##### Data extracts #####

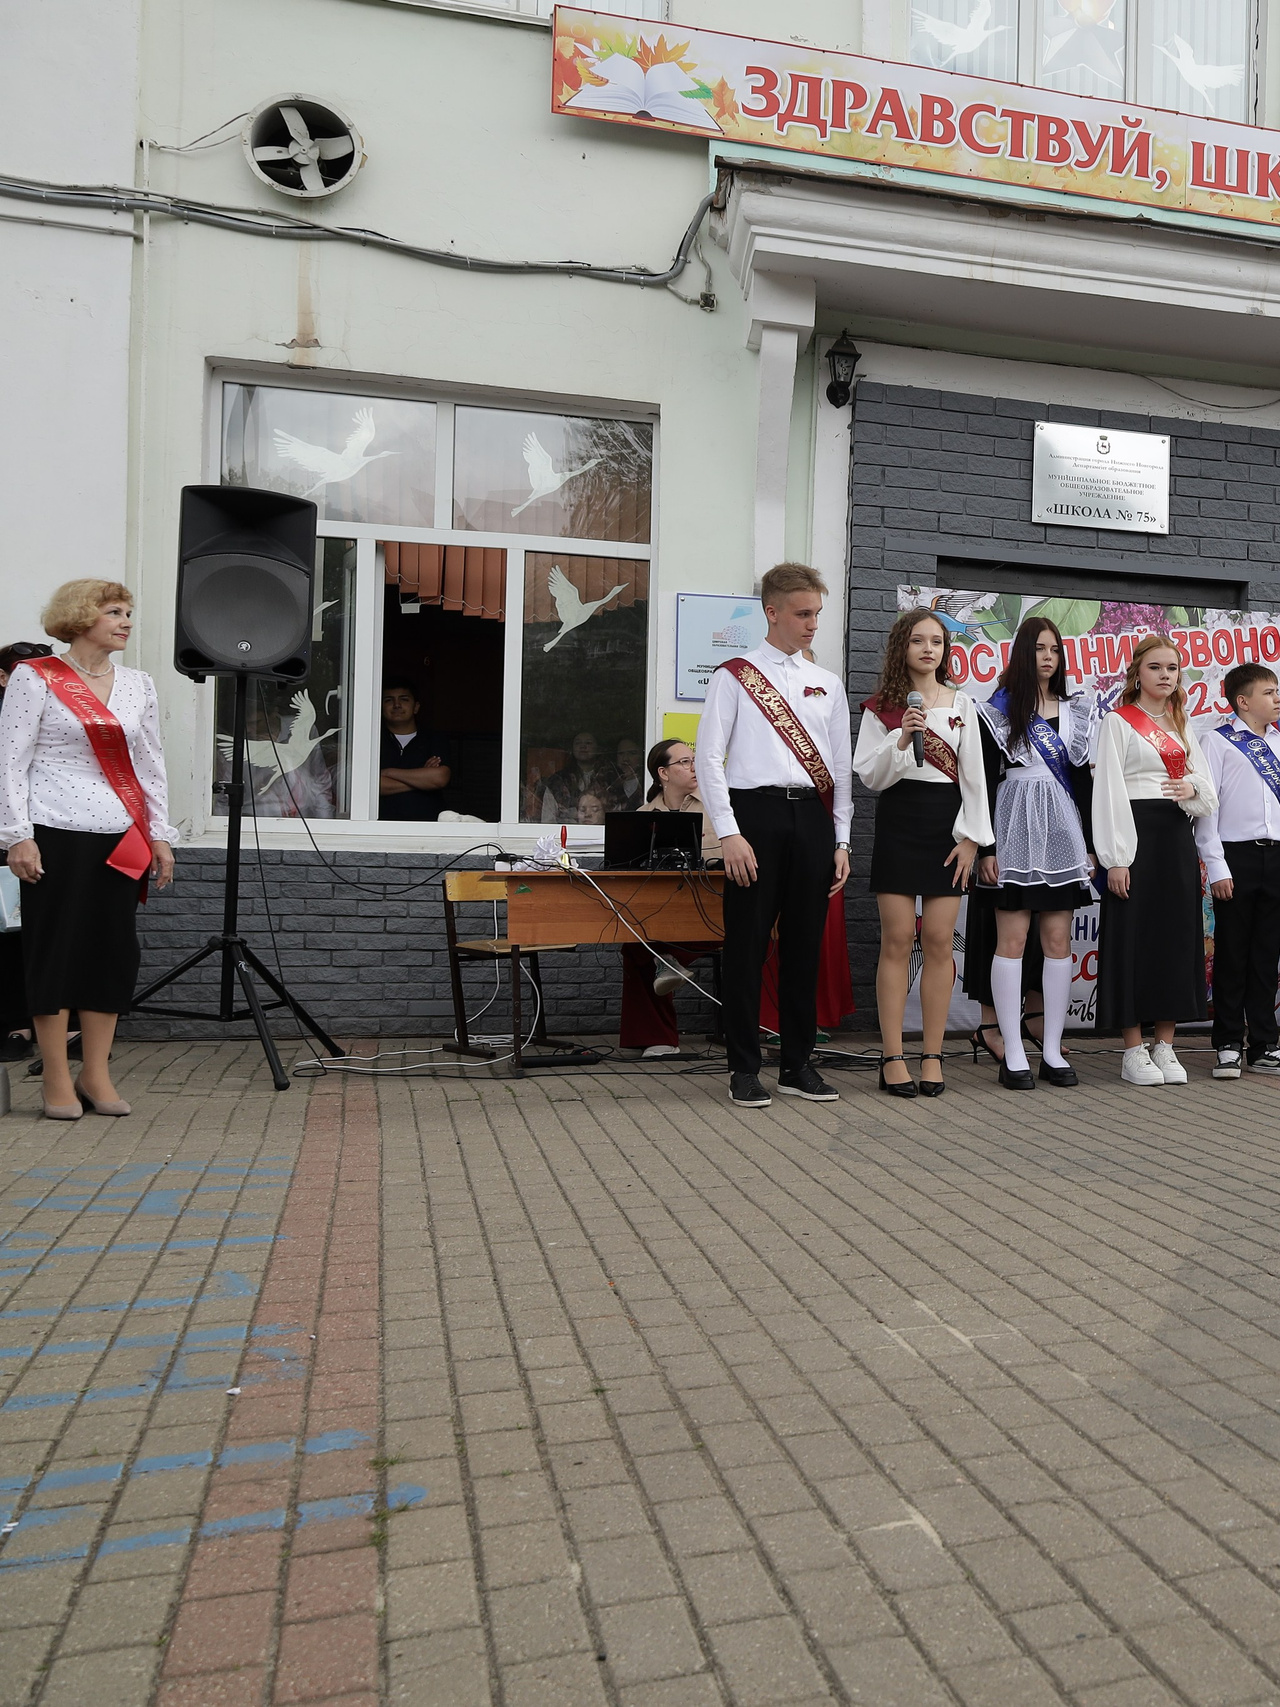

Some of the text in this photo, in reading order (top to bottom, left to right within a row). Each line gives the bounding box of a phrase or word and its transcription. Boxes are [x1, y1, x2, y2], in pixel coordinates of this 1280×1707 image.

[741, 66, 1169, 191] ЗДРАВСТВУЙ,
[1048, 473, 1111, 486] МУНИЦИПАЛЬНОЕ
[1060, 482, 1145, 496] ОБЩЕОБРАЗОВАТЕЛЬНОЕ
[1079, 491, 1126, 501] УЧРЕЖДЕНИЕ
[1046, 503, 1157, 523] «ШКОЛА № 75»
[756, 686, 833, 793] Выпускник 2025
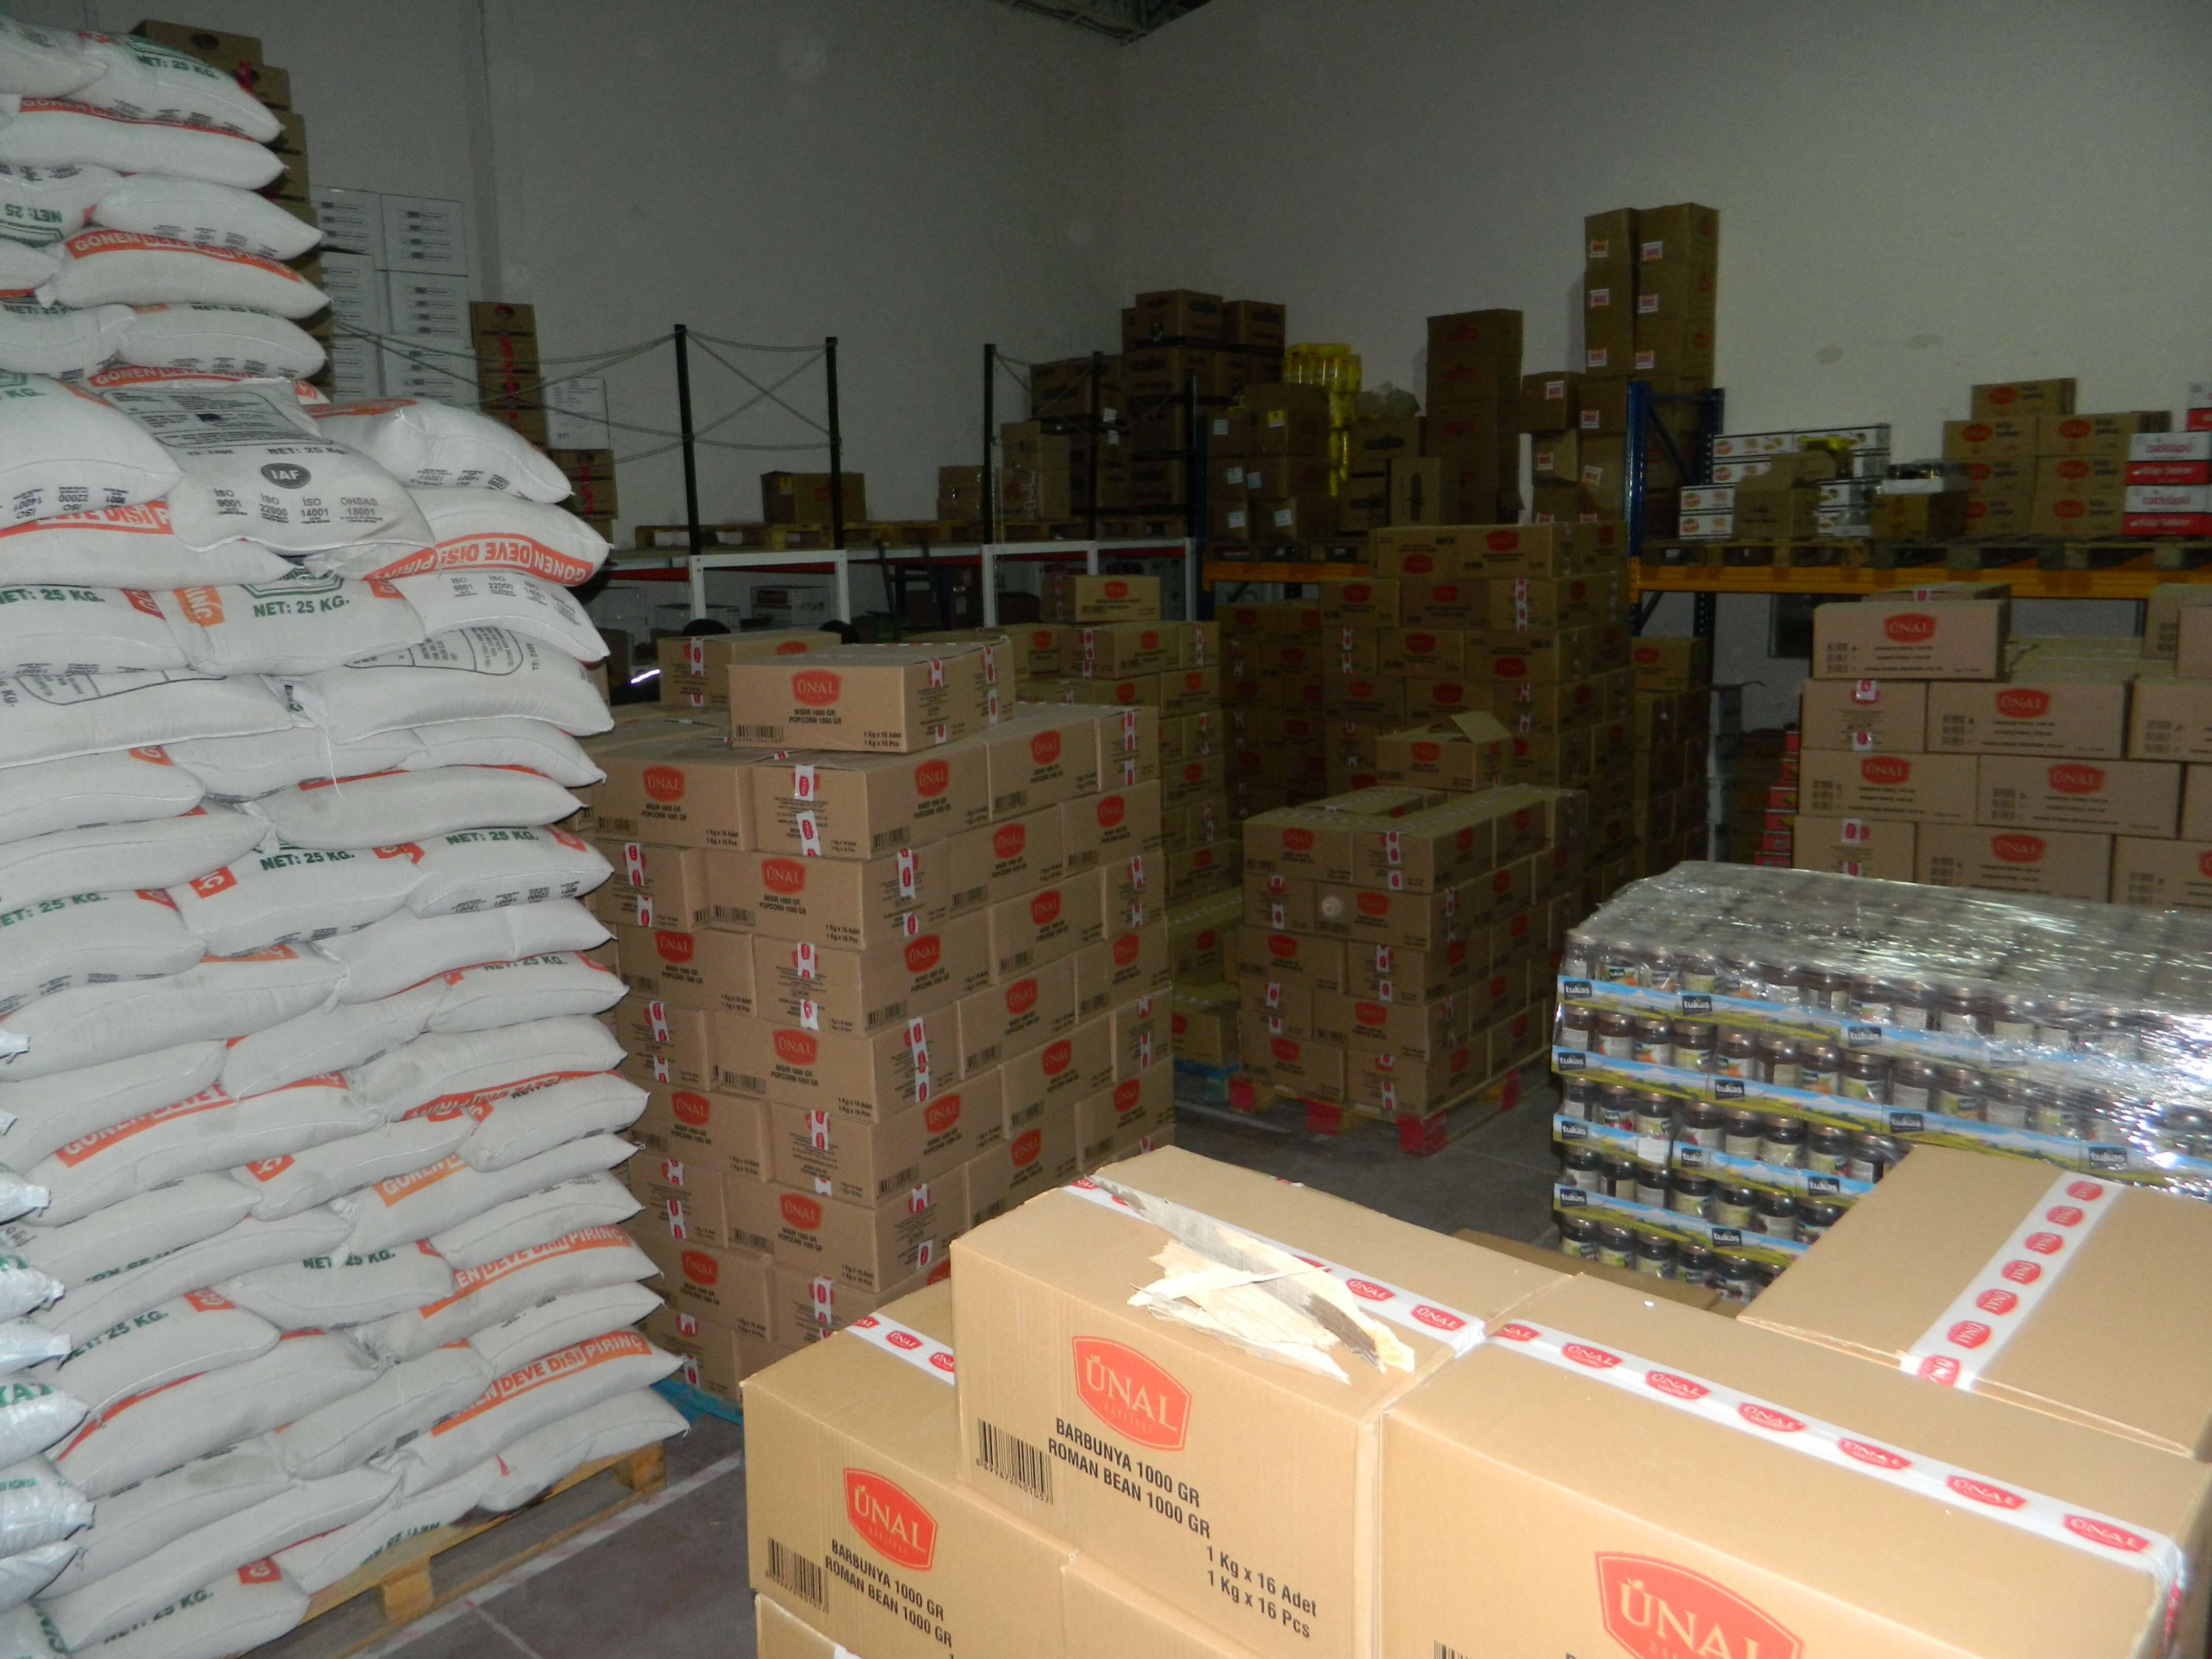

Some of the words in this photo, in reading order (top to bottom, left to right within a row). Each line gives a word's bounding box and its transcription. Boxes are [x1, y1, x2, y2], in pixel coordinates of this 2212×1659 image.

#####

**What to produce**.
The result should be an exact retyped version of all the entries above, containing no pictures.

**Exercise output**.
Some of the text in this photo, in reading order (top to bottom, left to right within a row). Each line gives the bounding box of a phrase or word and its transcription. Boxes are [x1, y1, x2, y2], in pixel coordinates of this 1280×1707 image.

[741, 66, 1169, 191] ЗДРАВСТВУЙ,
[1048, 473, 1111, 486] МУНИЦИПАЛЬНОЕ
[1060, 482, 1145, 496] ОБЩЕОБРАЗОВАТЕЛЬНОЕ
[1079, 491, 1126, 501] УЧРЕЖДЕНИЕ
[1046, 503, 1157, 523] «ШКОЛА № 75»
[756, 686, 833, 793] Выпускник 2025

Some of the words in this photo, in reading order (top to bottom, left to right within a row). Each line gives a word's bounding box and its transcription. Boxes are [x1, y1, x2, y2], in pixel coordinates of this 2212×1659 image.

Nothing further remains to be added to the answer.